Below are records to retype exactly, except for the pictures.

(Input data Opens)

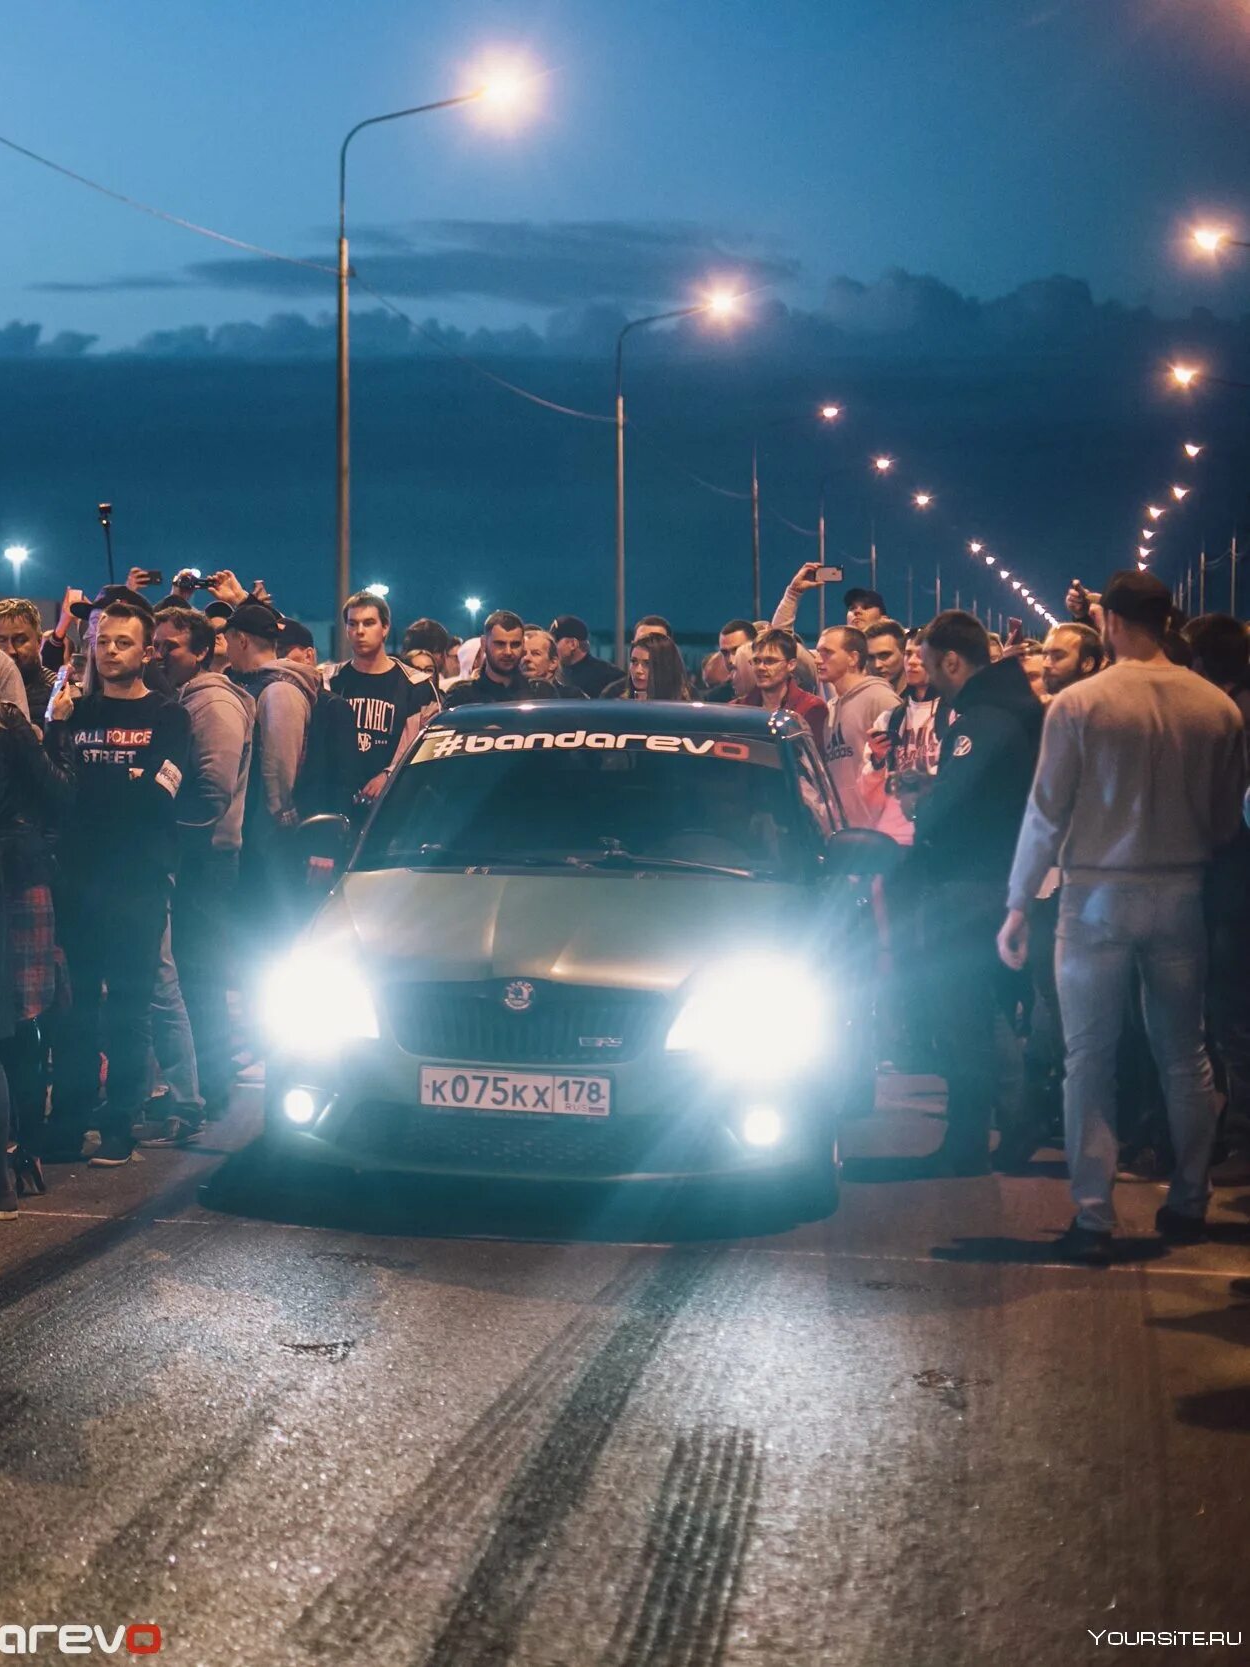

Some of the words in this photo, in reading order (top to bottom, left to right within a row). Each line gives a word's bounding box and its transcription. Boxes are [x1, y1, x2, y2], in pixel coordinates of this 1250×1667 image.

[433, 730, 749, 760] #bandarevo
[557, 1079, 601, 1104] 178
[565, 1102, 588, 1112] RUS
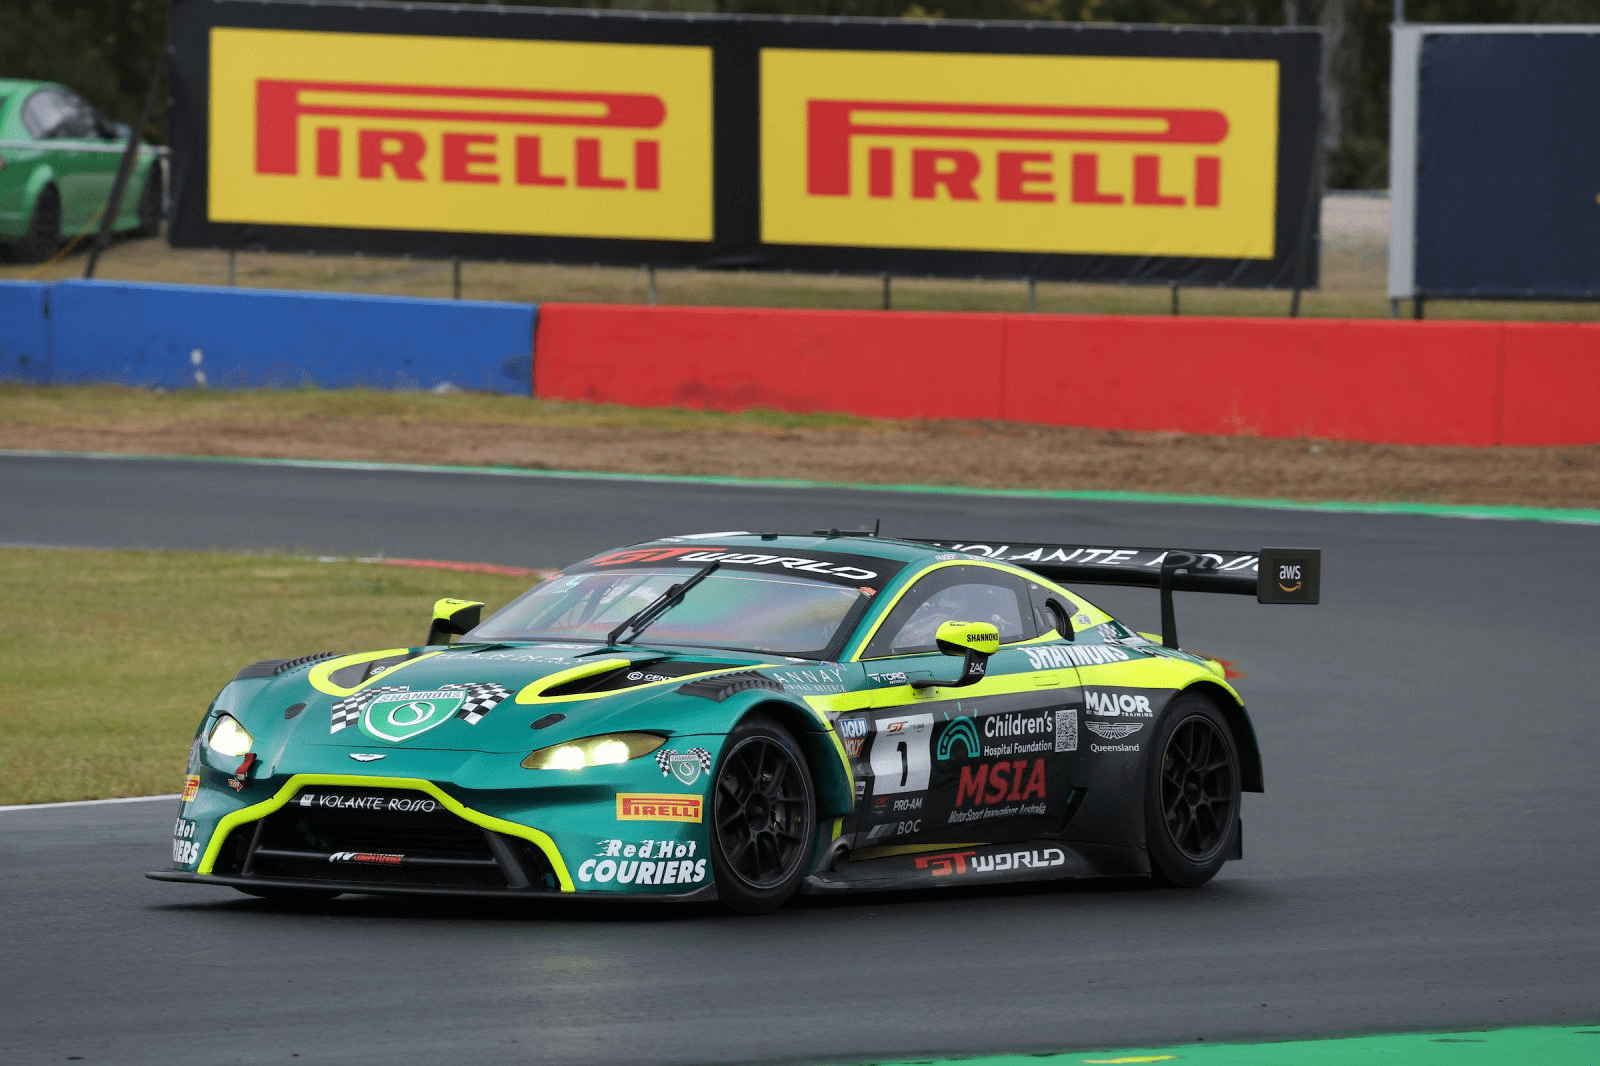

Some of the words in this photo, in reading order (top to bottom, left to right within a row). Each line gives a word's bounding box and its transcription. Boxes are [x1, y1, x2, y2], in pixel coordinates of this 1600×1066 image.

(Input data Closes)

Output of the task:
Some of the words in this photo, in reading order (top to bottom, left to right within a row). Each line gives a word's bounding box and its transcription. Boxes are [x1, y1, x2, y2], in pixel coordinates of this 1250×1667 image.

[433, 730, 749, 760] #bandarevo
[557, 1079, 601, 1104] 178
[565, 1102, 588, 1112] RUS

Some of the words in this photo, in reading order (top to bottom, left to right within a row). Each line gives a word's bounding box and its transcription. Boxes are [x1, y1, x2, y2], in pixel coordinates of this 1600×1066 image.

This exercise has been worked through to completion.